Un nouvel afflux de sang empourpra les grosses joues rasées entre les favoris gris. Et un instant une quinte de toux l’étrangla.

— Voilà comme c’est arrivé. Un de mes clients, qui a un gros paquet des raffineries de Thessalie, très atteintes par la crise, vient me demander si je pourrais lui procurer des renseignements. À qui m’adres­ser mieux qu’au cousin Amédée ? Je prends donc l’express du matin et au débotté je me rends à son bureau, afin de pouvoir télégraphier à mon client avant la Bourse. Comme les choses s’arrangent singulièrement dans la vie !…

L’orpheline se taisait. Lasse de parler, elle retombait dans l’atonie. Le notaire en profita pour poursuivre son avantage.

— Au surplus, ma chère petite, que sert de ruminer ces tristes choses ? Une autorité compétente entre toutes a tranché le doute si cruel qui vous obsède. S’il y avait si peu que ce soit présomption que l’acte déplorable de mon pauvre cousin a été accompli de propos délibéré, est-ce que votre paroisse lui eût accordé les prières que l’Église refuse aux félons de soi-même ?

Louise redressa vivement la tête penchée sur sa poitrine. L’argument la frappait.

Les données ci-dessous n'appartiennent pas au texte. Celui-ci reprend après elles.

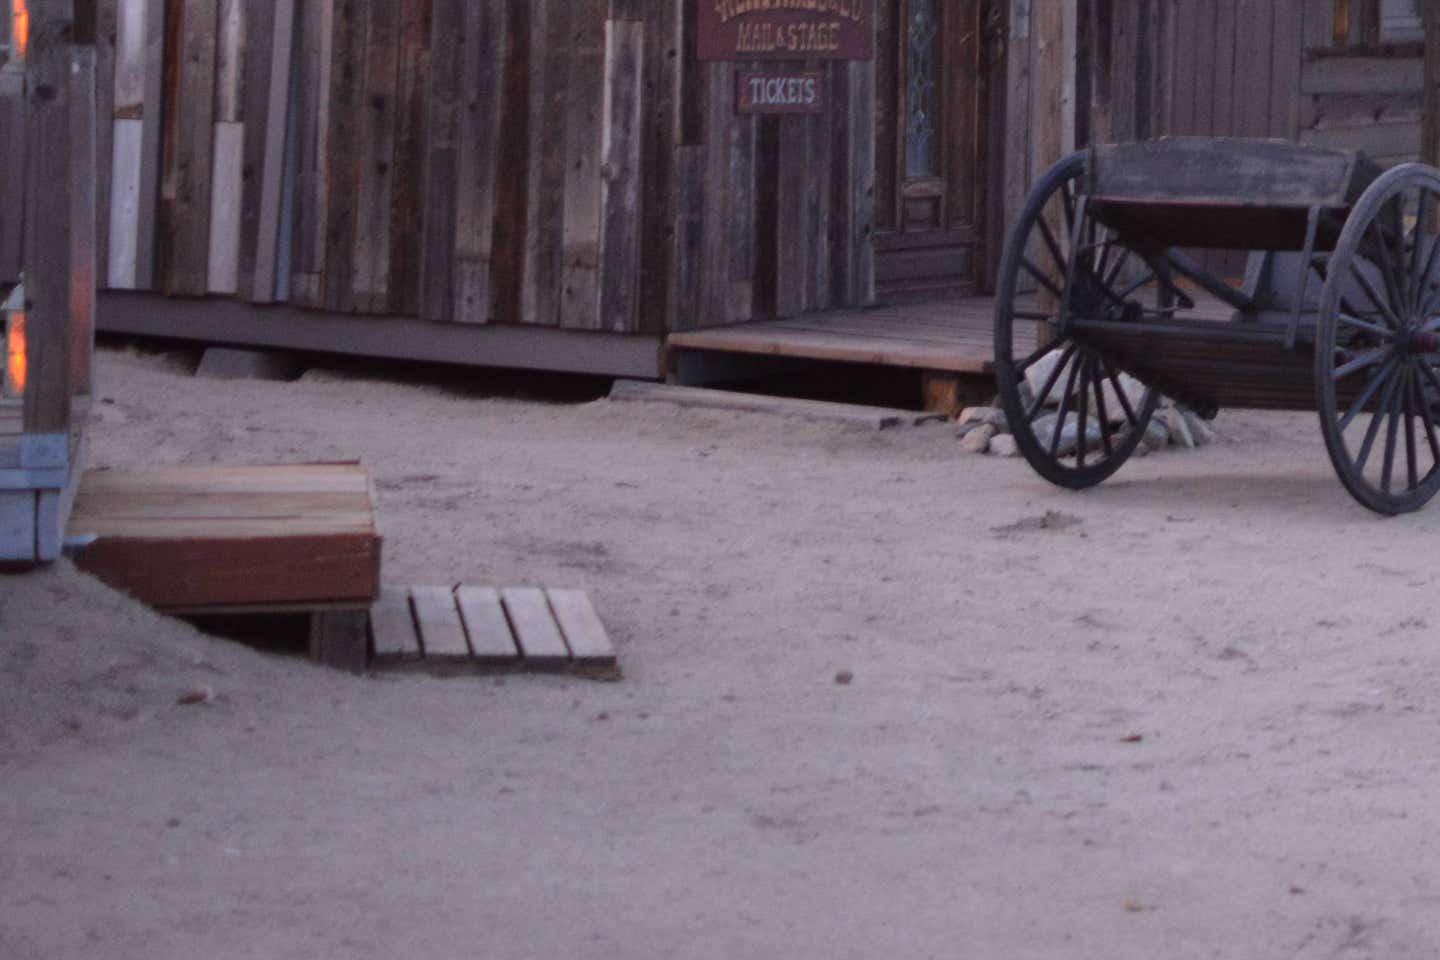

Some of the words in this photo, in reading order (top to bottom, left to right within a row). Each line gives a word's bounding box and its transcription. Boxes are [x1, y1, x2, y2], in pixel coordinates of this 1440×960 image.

[735, 23, 776, 52] MAIL
[787, 22, 841, 51] STAGE
[750, 77, 816, 105] TICKETS

— Si, ce que vous avez approuvé, j’ai décidé avec le curé de Saint-Philippe que les obsèques seraient célébrées sans apparat, c’est que, vu les circonstances douloureuses du décès, cela nous a paru plus convenable. Mais dés qu’il était acquis qu’un mouvement de délire avait armé le bras du défunt, le péché n’existait plus. Ainsi en a jugé un prêtre éclairé et d’esprit vraiment chrétien. Pouvons-nous mieux faire que penser comme lui ?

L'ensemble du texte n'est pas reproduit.